— What you will do —
Return each entry word for word, without its pictures.
..........
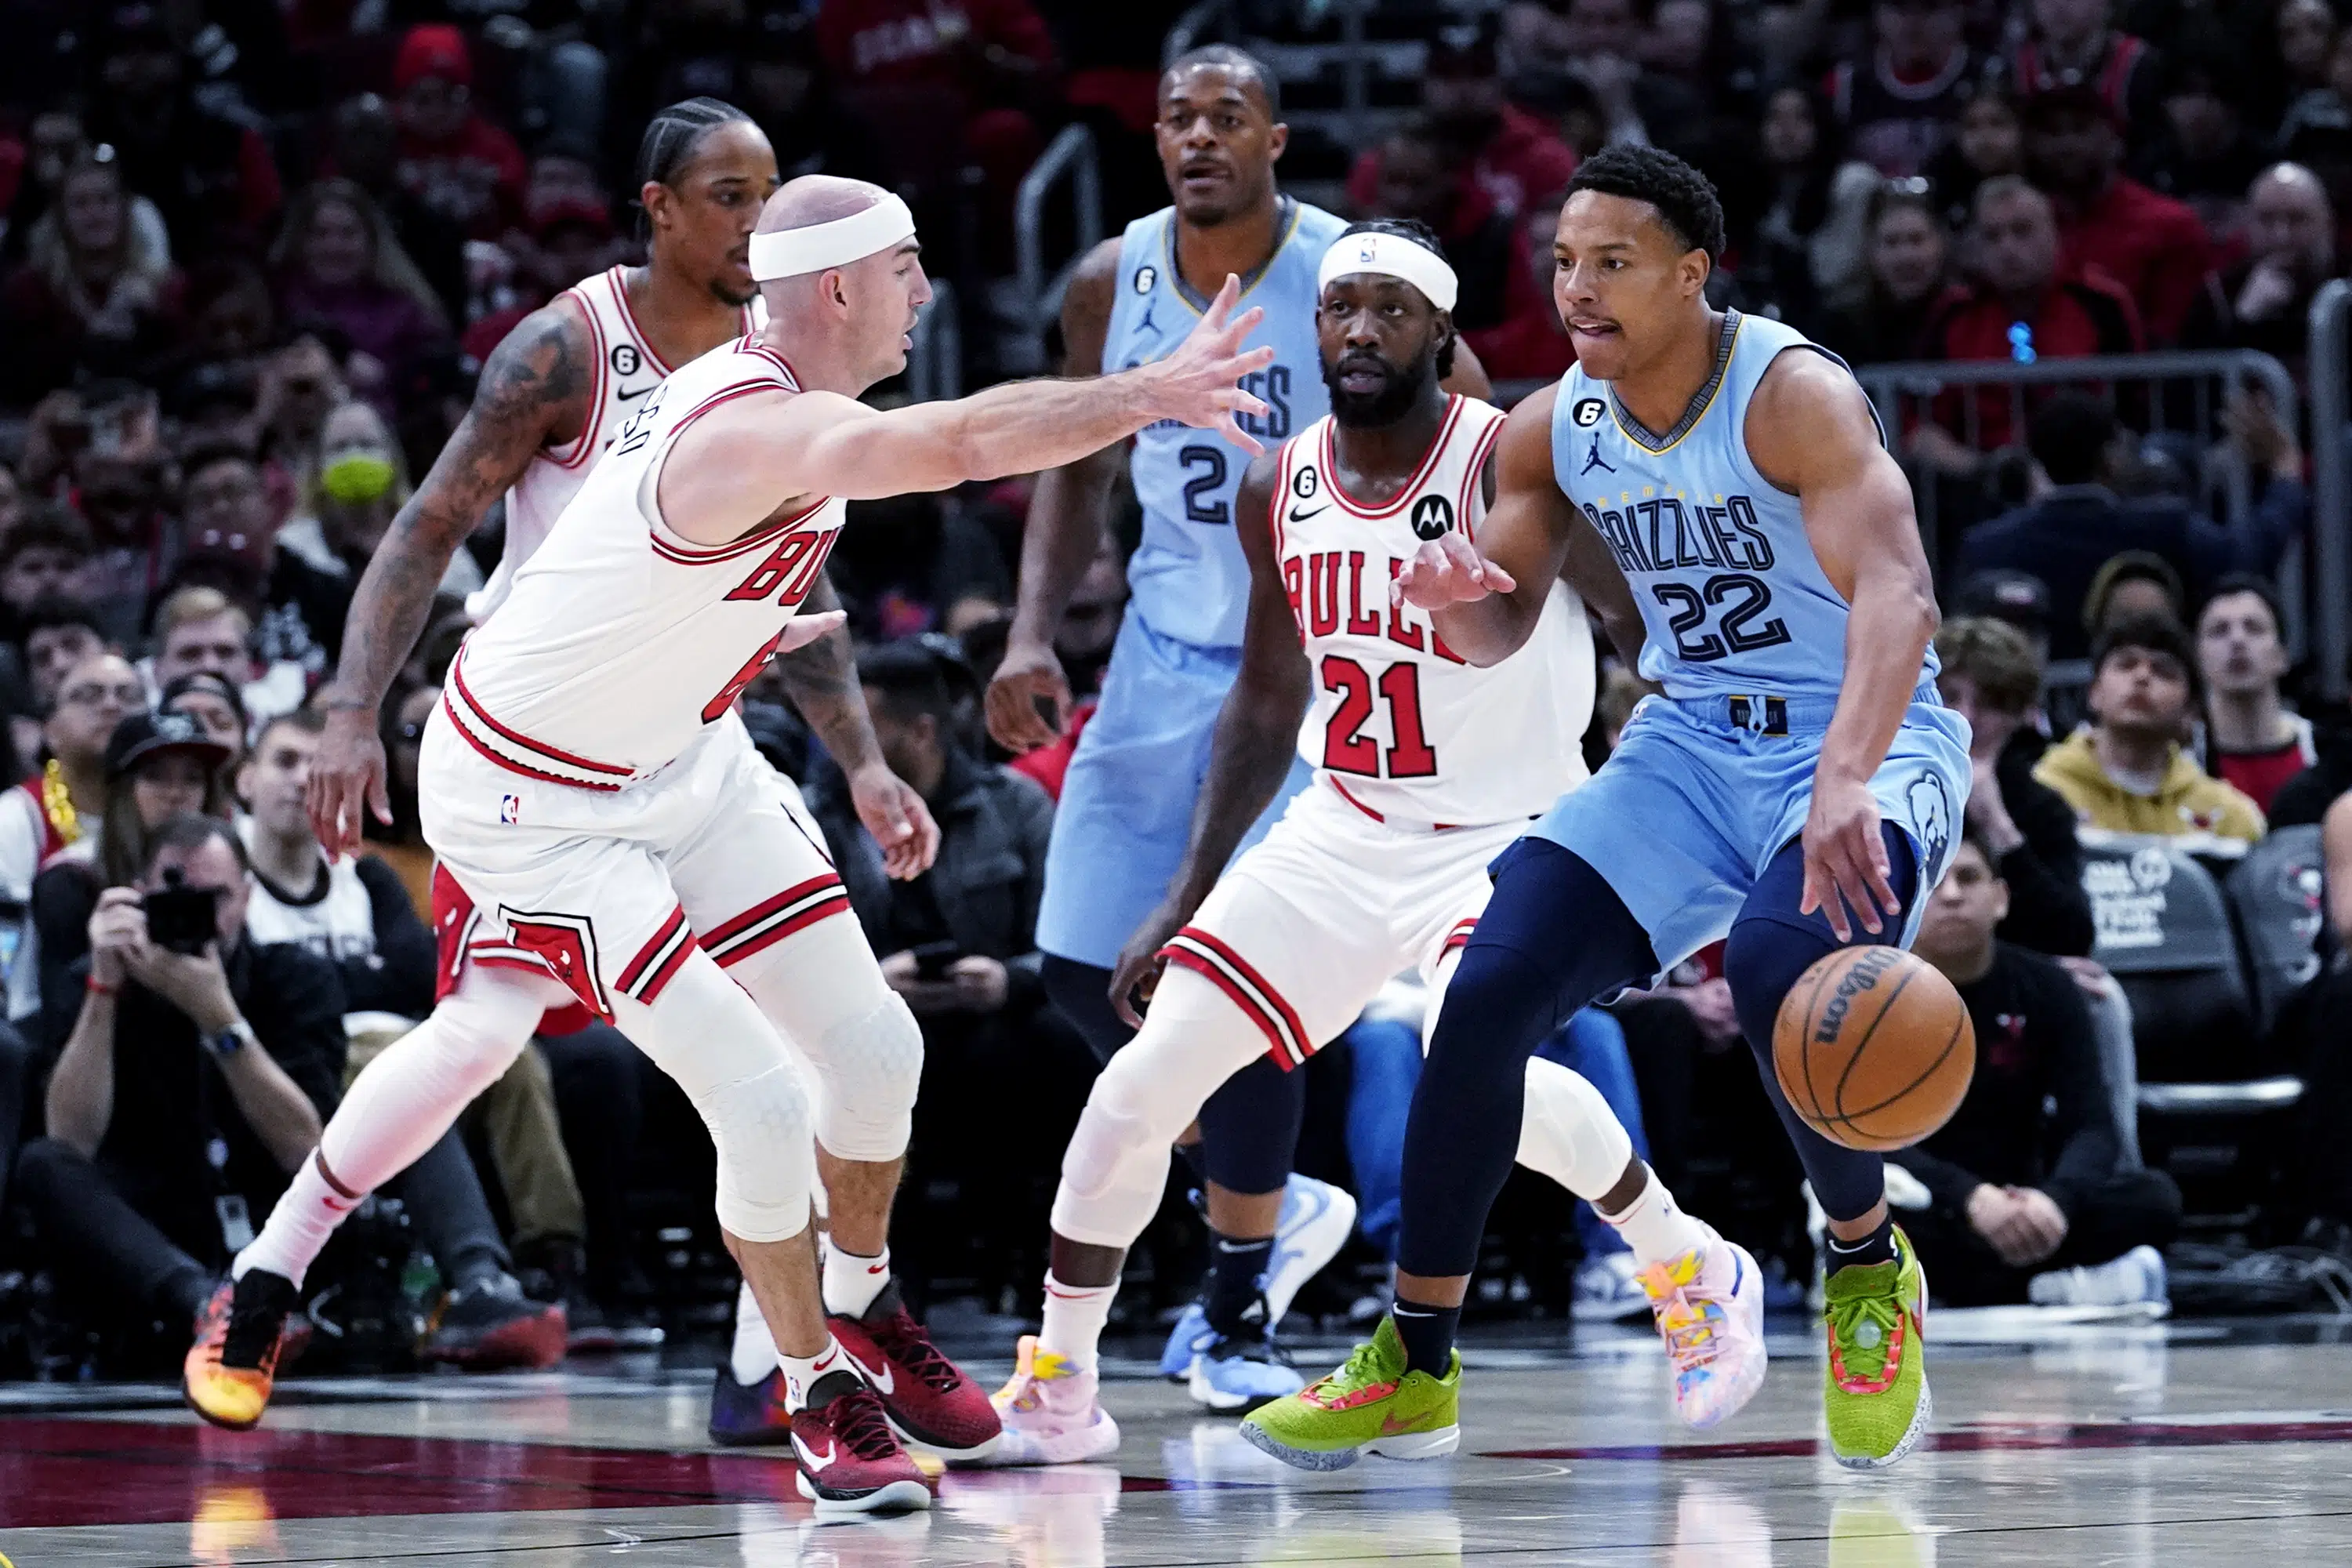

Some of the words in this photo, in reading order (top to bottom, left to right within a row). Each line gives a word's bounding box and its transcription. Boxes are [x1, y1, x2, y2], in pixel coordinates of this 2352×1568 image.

[1134, 267, 1155, 296] 6
[615, 346, 635, 374] 6
[1578, 401, 1602, 424] 6
[1179, 445, 1229, 524] 2
[1298, 467, 1316, 497] 6
[1651, 573, 1792, 662] 22
[1320, 654, 1438, 779] 21
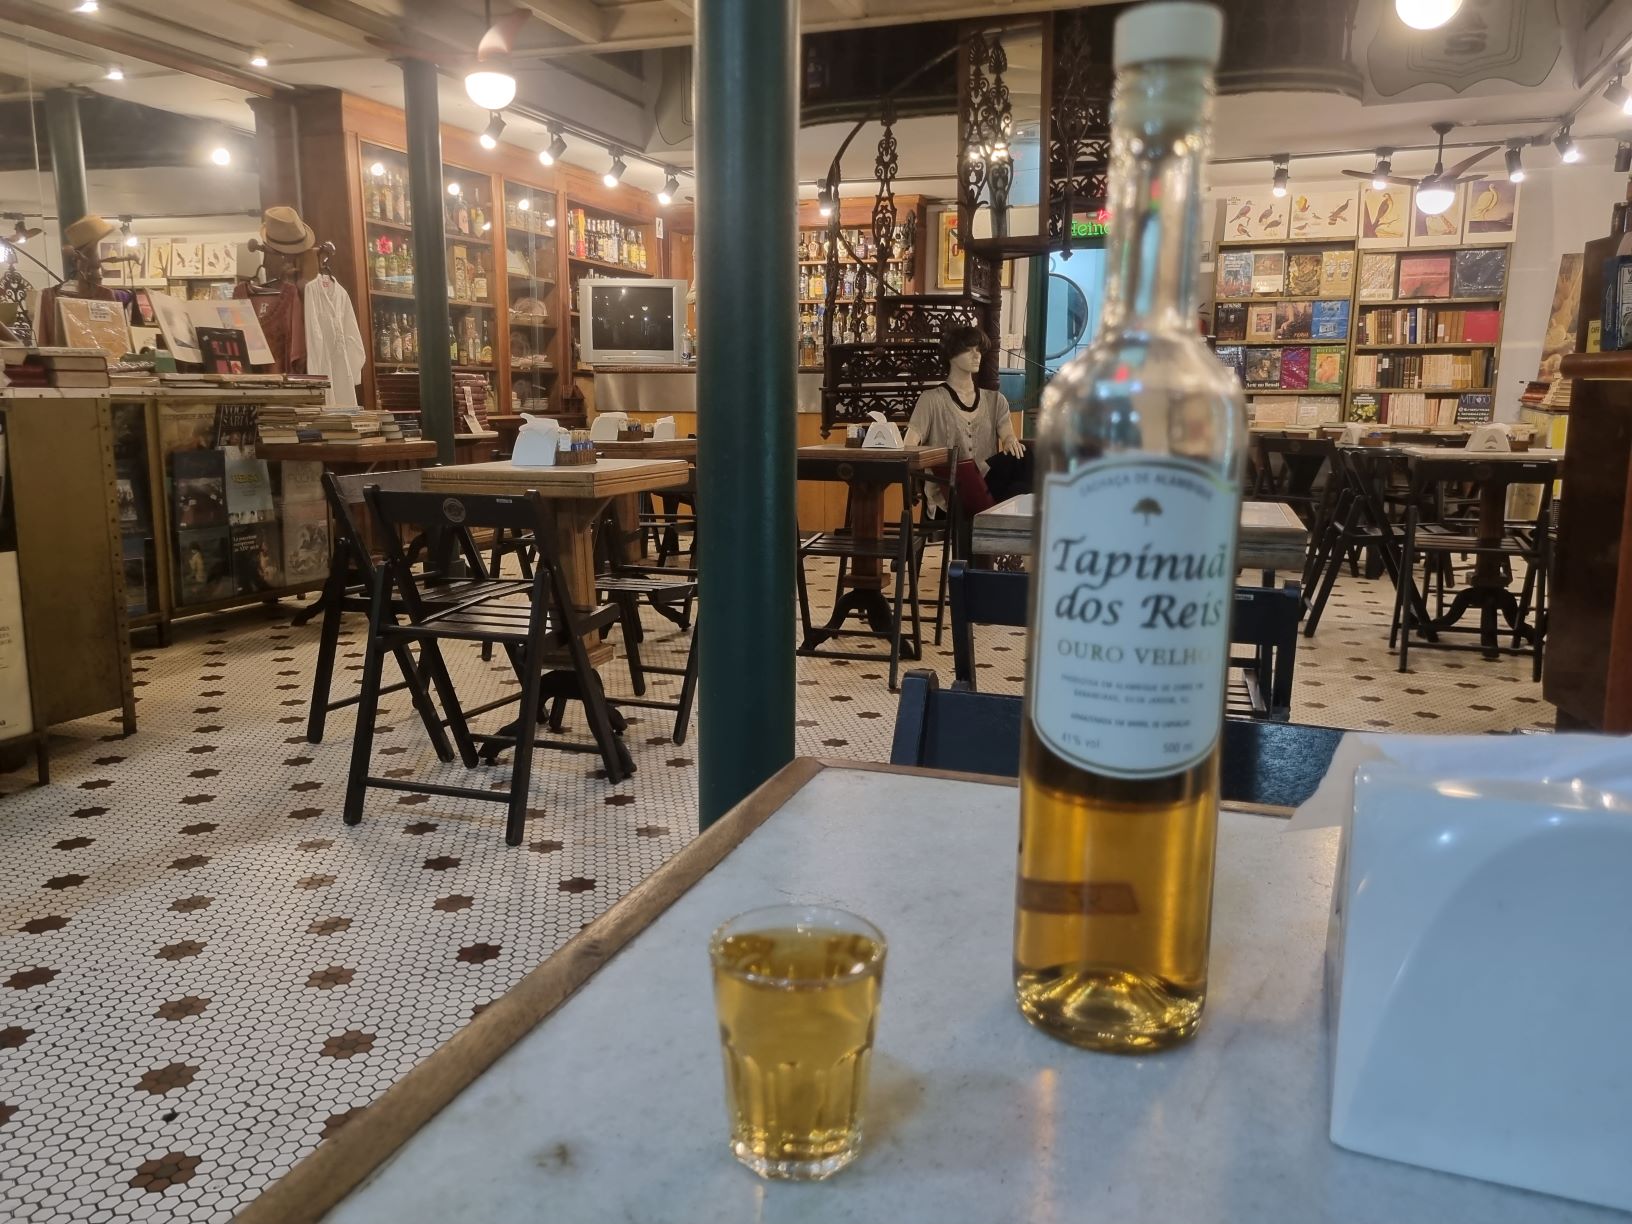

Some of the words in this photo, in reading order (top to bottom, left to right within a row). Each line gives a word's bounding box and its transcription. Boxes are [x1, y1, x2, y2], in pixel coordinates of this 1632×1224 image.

[1134, 472, 1149, 484] DE
[1054, 584, 1123, 626] dos
[1140, 590, 1222, 630] Reis
[1057, 639, 1125, 664] OURO
[1163, 742, 1181, 754] 500
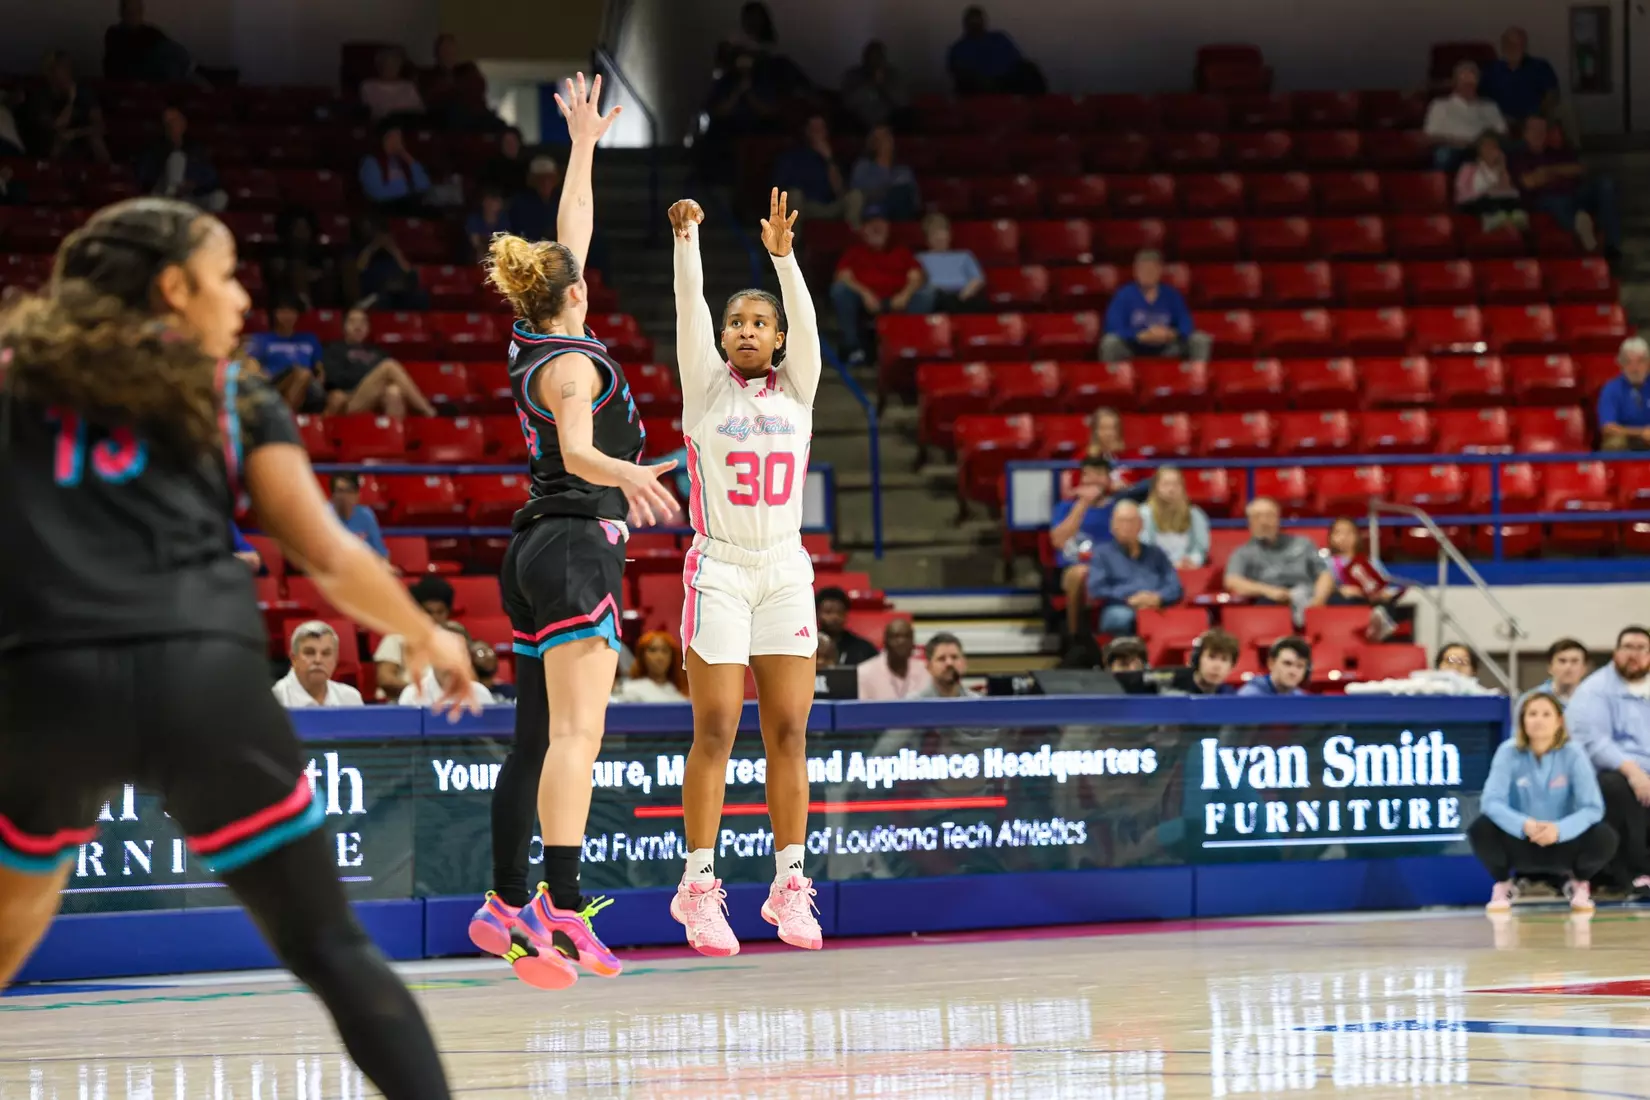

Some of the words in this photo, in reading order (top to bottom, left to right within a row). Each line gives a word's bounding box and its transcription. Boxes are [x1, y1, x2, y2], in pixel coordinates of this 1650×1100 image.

[716, 415, 751, 442] Lady
[725, 451, 795, 507] 30
[432, 759, 502, 791] Your
[806, 749, 843, 783] nd
[846, 748, 980, 788] Appliance
[983, 744, 1158, 784] Headquarters
[1200, 737, 1311, 790] Ivan
[1322, 729, 1463, 788] Smith
[1205, 796, 1461, 835] FURNITURE
[612, 829, 689, 861] Furnitu
[807, 826, 832, 855] of
[836, 824, 938, 855] Louisiana
[942, 821, 992, 850] Tech
[996, 817, 1088, 848] Athletics
..........
— Solution —
Some of the words in this photo, in reading order (top to bottom, left to right within a row). Each line gives a word's bounding box and its transcription. Boxes are [x1, y1, x2, y2], in pixel coordinates of this 2352×1568 image.

[1134, 267, 1155, 296] 6
[615, 346, 635, 374] 6
[1578, 401, 1602, 424] 6
[1179, 445, 1229, 524] 2
[1298, 467, 1316, 497] 6
[1651, 573, 1792, 662] 22
[1320, 654, 1438, 779] 21

Some of the words in this photo, in reading order (top to bottom, left to right within a row). Each line gives a word's bounding box and its transcription. Boxes are [x1, y1, x2, y2], in pixel coordinates of this 1632×1224 image.

[1134, 472, 1149, 484] DE
[1054, 584, 1123, 626] dos
[1140, 590, 1222, 630] Reis
[1057, 639, 1125, 664] OURO
[1163, 742, 1181, 754] 500

Some of the words in this photo, in reading order (top to bottom, left to right within a row). Each line gives a word's bounding box and its transcription. Boxes are [x1, y1, x2, y2], in pixel coordinates of this 1650×1100 image.

[716, 415, 751, 442] Lady
[725, 451, 795, 507] 30
[432, 759, 502, 791] Your
[806, 749, 843, 783] nd
[846, 748, 980, 788] Appliance
[983, 744, 1158, 784] Headquarters
[1200, 737, 1311, 790] Ivan
[1322, 729, 1463, 788] Smith
[1205, 796, 1461, 835] FURNITURE
[612, 829, 689, 861] Furnitu
[807, 826, 832, 855] of
[836, 824, 938, 855] Louisiana
[942, 821, 992, 850] Tech
[996, 817, 1088, 848] Athletics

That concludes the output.